Write an exact copy of the entries below that leaves out all pictures.

==== ENTRIES SHOWN ====

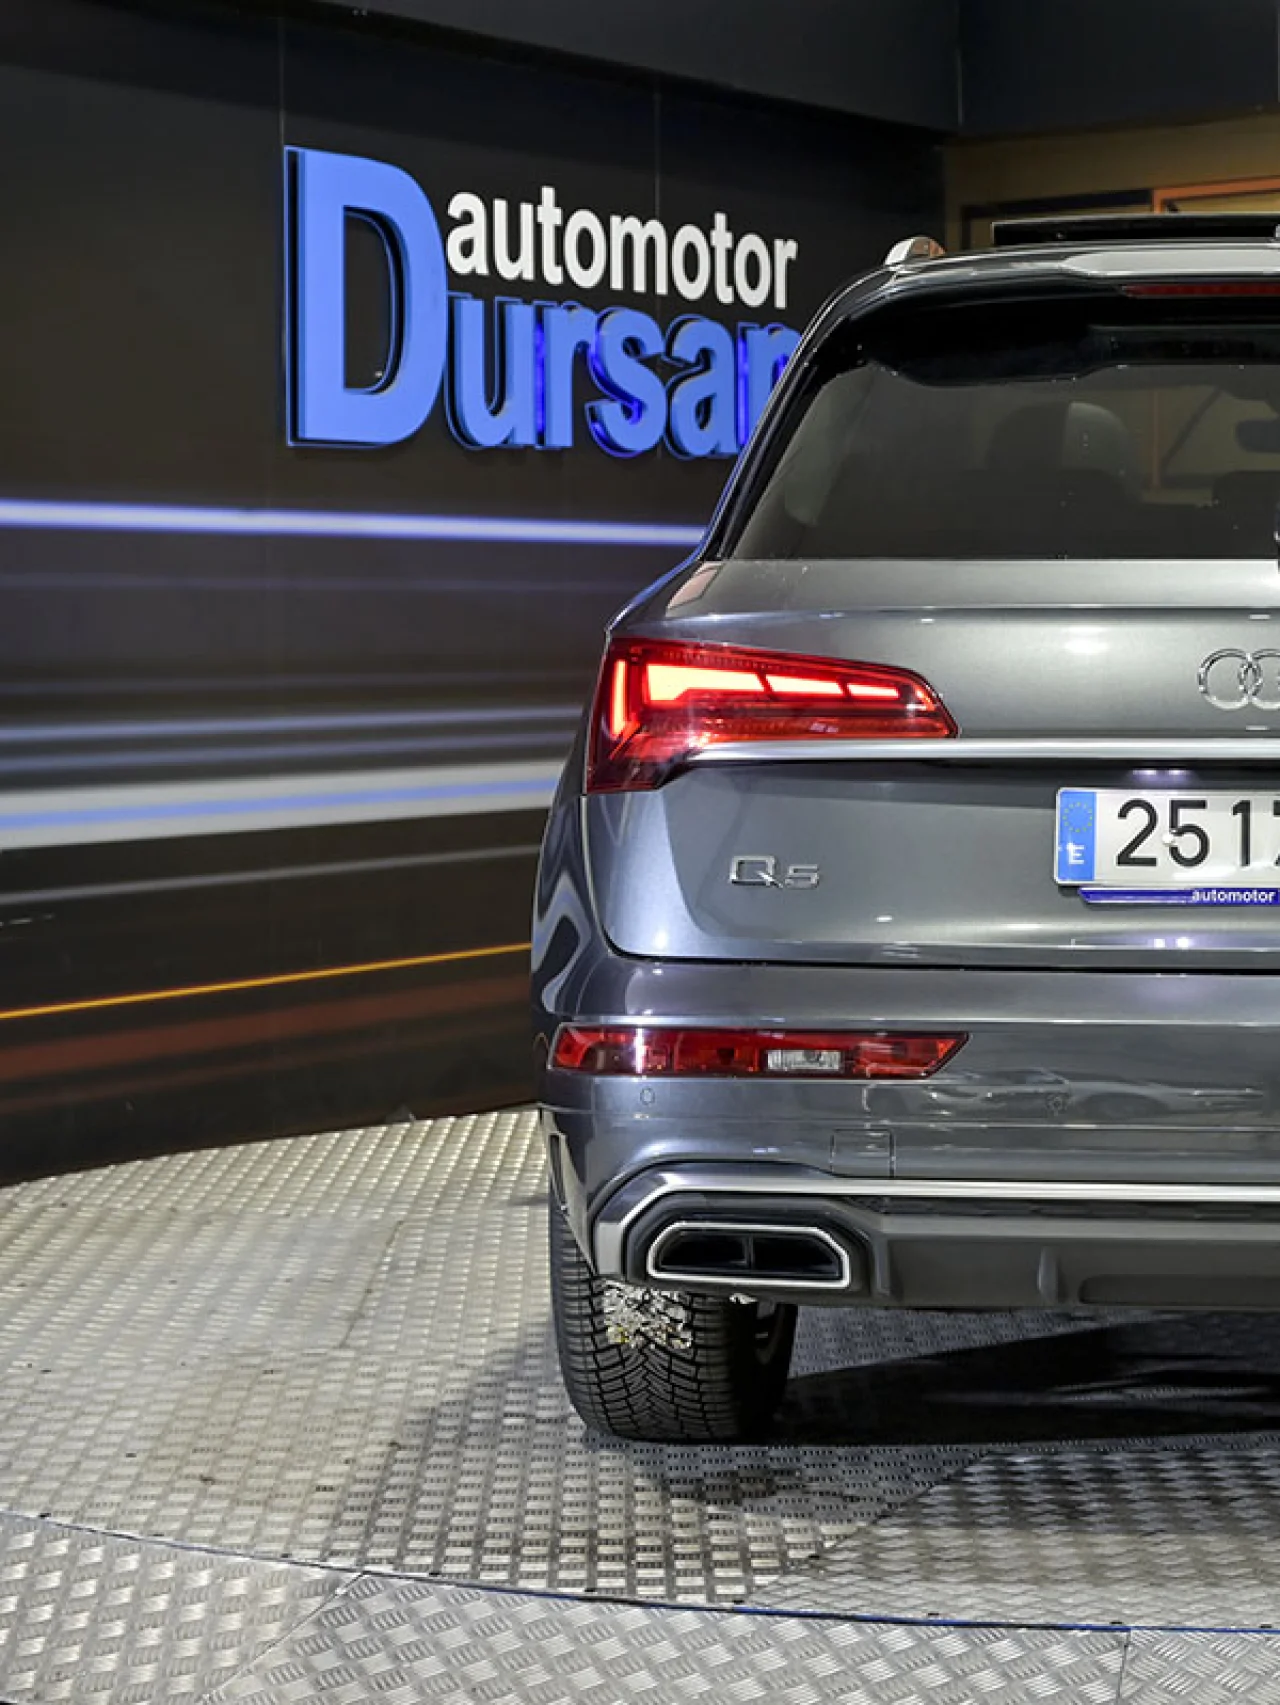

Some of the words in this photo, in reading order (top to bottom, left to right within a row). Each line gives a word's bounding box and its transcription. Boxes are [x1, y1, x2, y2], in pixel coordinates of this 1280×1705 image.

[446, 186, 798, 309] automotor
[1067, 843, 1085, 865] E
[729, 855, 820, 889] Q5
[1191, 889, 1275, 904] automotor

====

• YOUR SOLUTION:
Some of the words in this photo, in reading order (top to bottom, left to right within a row). Each line gives a word's bounding box and its transcription. Boxes are [x1, y1, x2, y2], in pixel coordinates of this 1280×1705 image.

[446, 186, 798, 309] automotor
[1067, 843, 1085, 865] E
[729, 855, 820, 889] Q5
[1191, 889, 1275, 904] automotor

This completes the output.